Sitting at my desk at the Journal last Tuesday, I glanced down at my desk calendar and noticed the date.

June 18.

It was the birthday of my paternal grandmother. Julia McRae Criss. She’d have been 109.

In her early 70s, her knees were shot. A knee replacement was suggested.

“I won’t be here much longer,” she said.

But she lived to be 93 and when she died, it was with her original knees.

She always told us she wanted to live to be 100 just so Willard Scott would mention her name as her photo, superimposed on a jar of Smucker’s jelly, was broadcast by NBC’s Today show.

I’d like to have made that happen for her, but it was not to be.

There are so many things that stir up memories of Mammaw.

At Christmastime when we make “nuts and bolts” – trash or party mix to some – I think of her and how her making of the salty snack signified the season’s start.

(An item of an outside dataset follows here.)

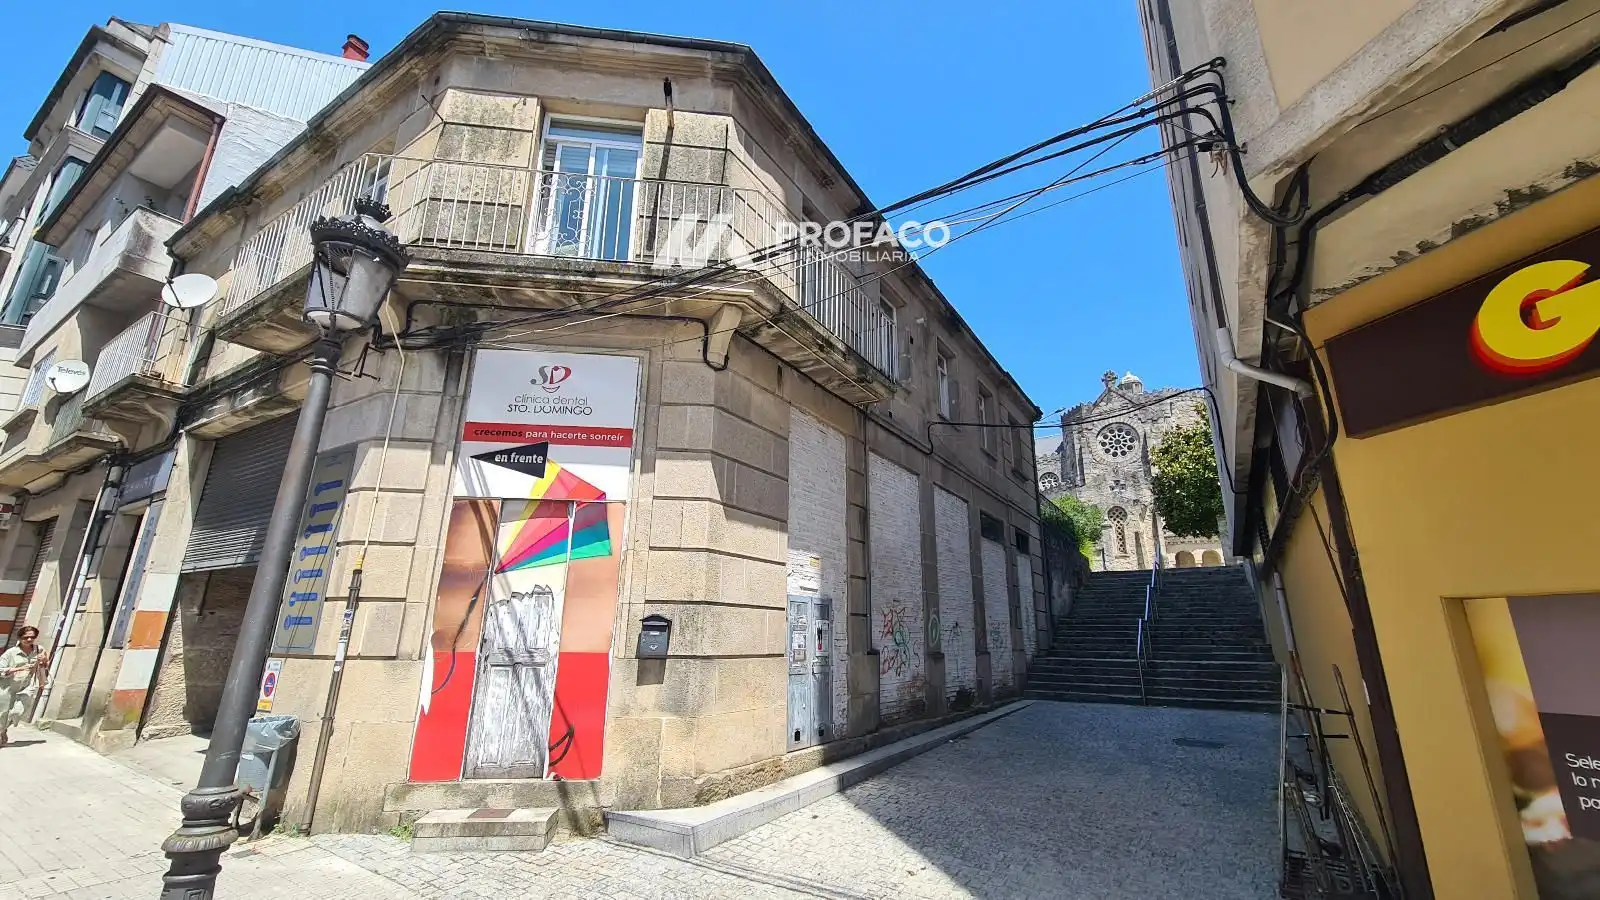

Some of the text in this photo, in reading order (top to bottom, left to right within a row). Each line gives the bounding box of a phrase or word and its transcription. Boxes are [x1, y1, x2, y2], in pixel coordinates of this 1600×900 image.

There will never be any better fried chicken or homemade biscuits than my grandmother’s, though my father – the oldest of her four sons – can hold his own when frying a bird.

She’d have made a great Cook of the Week, except she’d not have been able to share any recipes – “you take a little bit of this and a little bit of that and you mix it up until it looks like it’s supposed to ...”

Of course, all my memories of Mammaw are not of the culinary kind.

Even more than our bellies, she nourished our spirits and we are all the better for it.

Whenever I pass a gumball machine, I smile, recalling all the pennies my grandmother patiently passed my way until a red gumball finally emerged, making me a happy child.

Whenever someone mentions the late Billy Graham – who was adored by my grandmother – I’m reminded of her faith. Her power of positive thinking would have made Norman Vincent Peale proud.

If I were with her while she watched her “stories,” she’d always ask, “Do you watch this one?” And even though I’d say no, she’d catch me up on all the daytime drama.

I’m reminded of my grandmother when I think of some of her Mammaw-isms: “Always tell the truth: One lie begats another.” “I’m not asleep: I’m just resting my eyes.” “Mice can’t climb.”

I learned not long after childhood mice most certainly can climb and my grandmother had told me an untruth.

I miss her every day and wish we could have a nice, long visit. But my memories of Mammaw make me happy.

Just like those bright red gumballs.